In the UK 2002-2003 survey1 of pregestational diabetes, there was a 39% induction rate (general population rate 21%). The main reasons stated for induction were routine (48%), general obstetric complications (14%), presumed fetal compromise (9%), anticipated large baby or polyhydramnios (9%), and diabetes complications (2%).


Gestational diabetes


Women with gestational diabetes range from those with undiagnosed Type 2 diabetes to those with mild impairment of glucose tolerance diagnosed for the first time during pregnancy which is corrected following appropriate dietary measures. Again care should be individualized at least to a degree. The studies mentioned above3,4 relate primarily to insulin-requiring gestational diabetic women and accordingly there is a case for considering elective intervention in these women at 38–39 weeks, particularly if macrosomia is suspected, as these studies showed a reduced incidence of shoulder dystocia in the intervention groups. In addition, other maternal or fetal factors may indicate the need for either early or delayed intervention.

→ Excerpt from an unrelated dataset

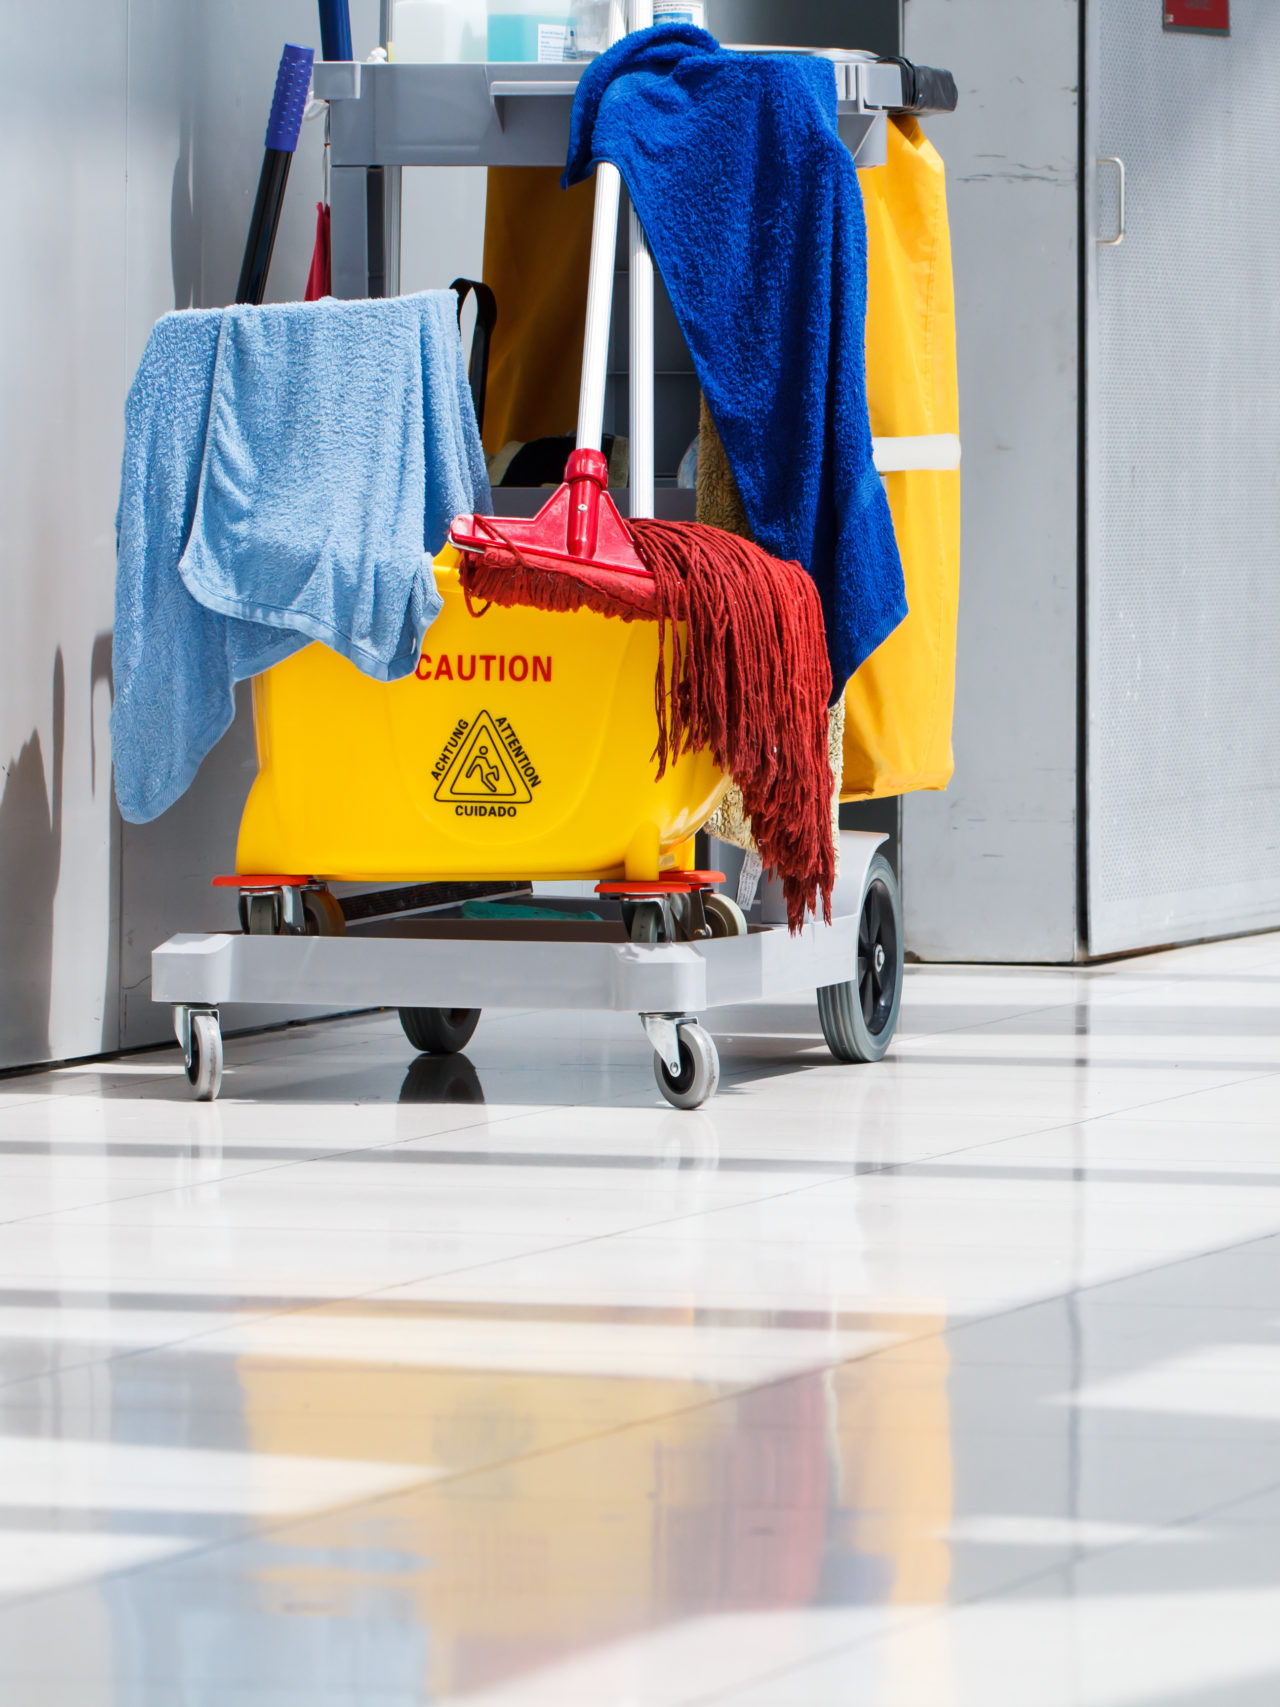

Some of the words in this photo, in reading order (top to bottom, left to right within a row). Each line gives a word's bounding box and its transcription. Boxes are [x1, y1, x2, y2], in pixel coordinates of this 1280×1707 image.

However, for women who have been managed satisfactorily with diet alone and who have no specific other risk factors (e.g. macrosomia), treatment should be similar to the general obstetric population.


MODE OF DELIVERY


Incidence of cesarean section and vaginal delivery


Type 1 and Type 2 diabetes


Studies show an increased incidence of delivery by cesarean section compared to the general population. The figure from the UK survey of 3474 women in 2002–2003 was 67% compared to the overall population rate of 24%.1 Although the data were not presented by type of diabetes, the rate tends to be lower in women with Type 2 diabetes, as these women are often older and multiparous, and may well have had their previous pregnancies at a time when they had normal or only impaired glucose tolerance. This wide variation in rates is illustrated by a funnel plot for the North West of England (Fig 20.1B).


Gestational diabetes


In gestational diabetes cesarean section rates tend to be higher than those of the background population. However, studies have shown that this may be attributable to other factors, such as maternal obesity, which is independently associated with fetal macrosomia7 and probably to traditional obstetric practice.8,9 The multiethnic international Hyperglycemia and Adverse Pregnancy Outcome (HAPO) study has provided additional data as women with abnormal glucose tolerance during pregnancy short of diabetes (defined by a 75-g oral glucose tolerance test [OGTT] at approximately 28 weeks of gestation) were managed with the caregiver and participant being blinded to the OGTT result.10 Although the strength of the positive association between maternal glucose concentrations and primary cesarean section rate was attenuated after controlling for confounding variables, there still remained a significant relationship between hyperglycemia during pregnancy and cesarean section rates. In addition, labeling a woman with gestational diabetes may result in clinicians favoring cesarean delivery, thus negating any possible treatment-induced reduction of macrosomia being translated into a greater likelihood of vaginal delivery. In the randomized controlled Australian Carbohydrate Intolerance Study (ACHOIS) trial there was no difference in the cesarean rates between treated and untreated gestational diabetes groups despite the latter group having been double-blinded.8 In the Canadian Tr i-Cities case – control study, the cesarean delivery rate for women with treated gestational diabetes was 33.6% compared with 29.6% for those who were untreated, despite the treated group having reduced macrosomia.9 The cesarean rate for controls was 20.2%, but multivariate analysis showed that compared to the untreated group, it was not the gestational diabetes which increased the risk.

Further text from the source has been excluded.